*TASK STATEMENT*: Please return each entry exactly as it appears, but not the pictures.

*SUPPLIED DATA*:
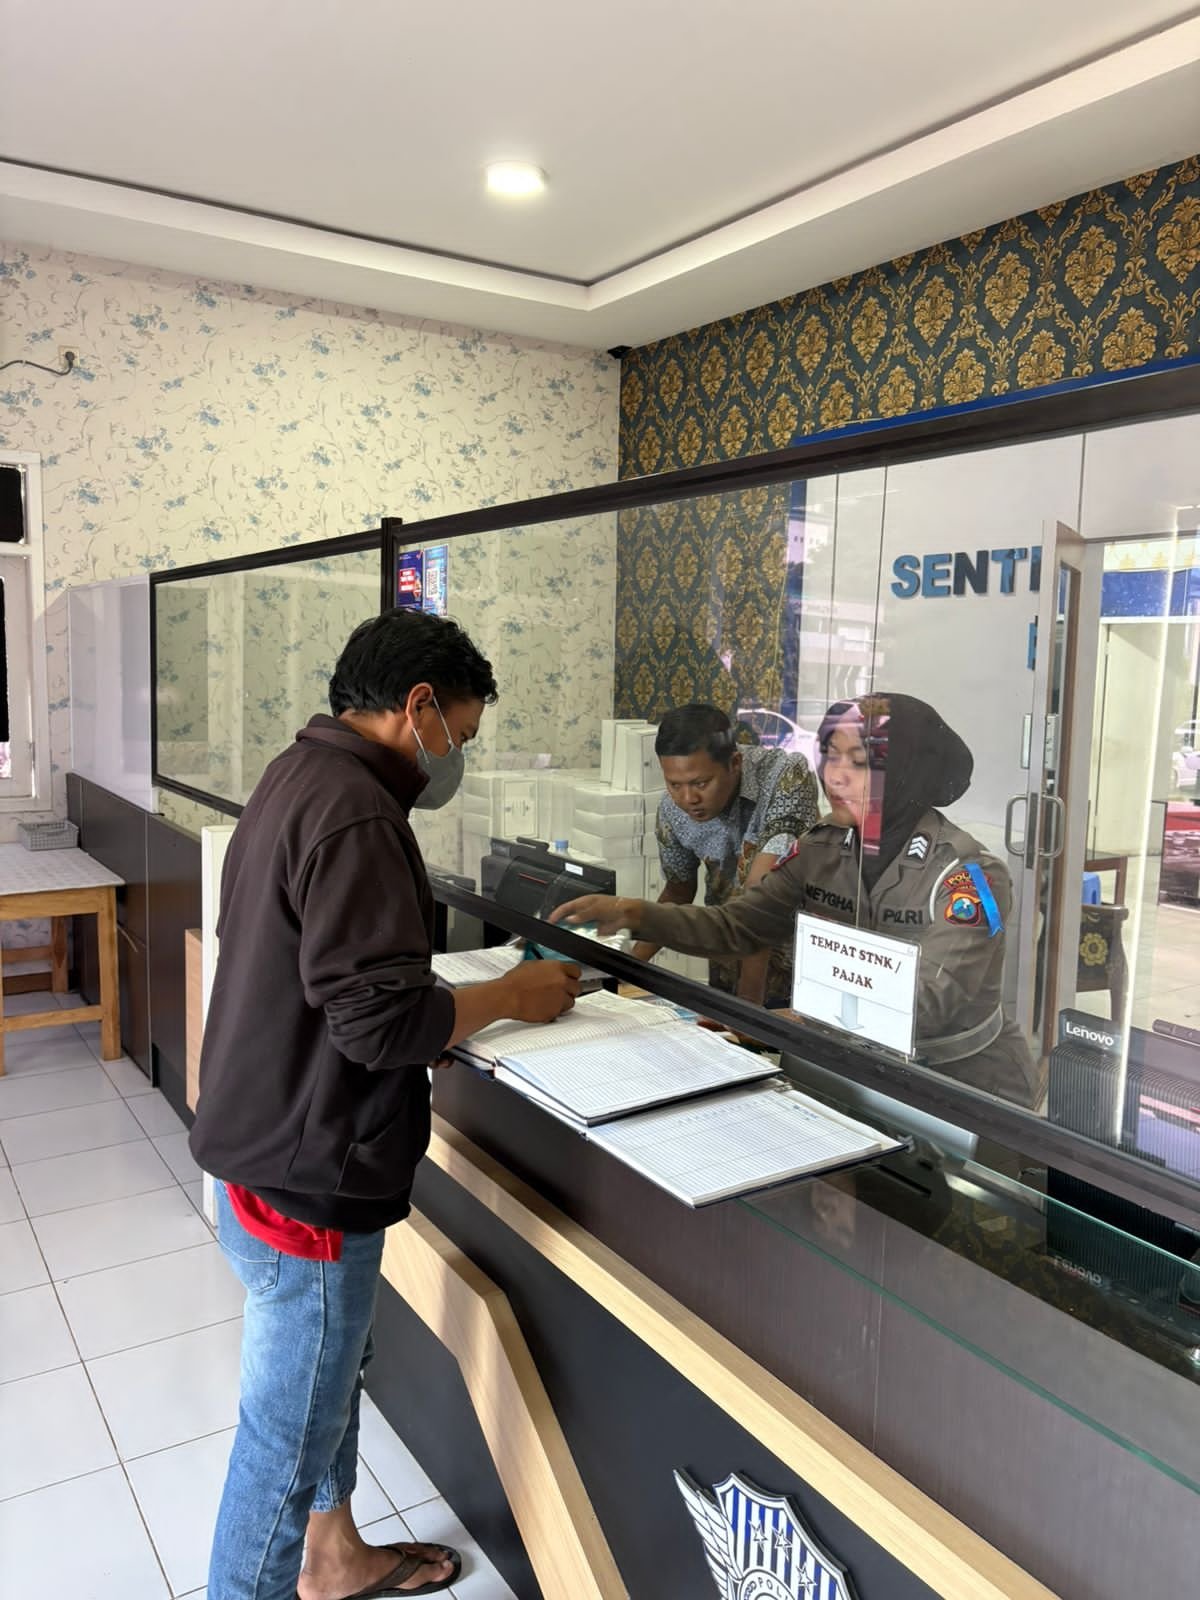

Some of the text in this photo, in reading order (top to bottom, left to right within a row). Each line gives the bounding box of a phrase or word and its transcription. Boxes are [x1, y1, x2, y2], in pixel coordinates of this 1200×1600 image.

[810, 934, 857, 959] TEMPAT
[859, 949, 893, 970] STNK
[832, 966, 873, 989] PAJAK
[1065, 1021, 1114, 1046] Lenovo

*EXPECTED ANSWER*:
Some of the text in this photo, in reading order (top to bottom, left to right within a row). Each line gives the bounding box of a phrase or word and its transcription. Boxes are [x1, y1, x2, y2], in pixel coordinates of this 1200×1600 image.

[810, 934, 857, 959] TEMPAT
[859, 949, 893, 970] STNK
[832, 966, 873, 989] PAJAK
[1065, 1021, 1114, 1046] Lenovo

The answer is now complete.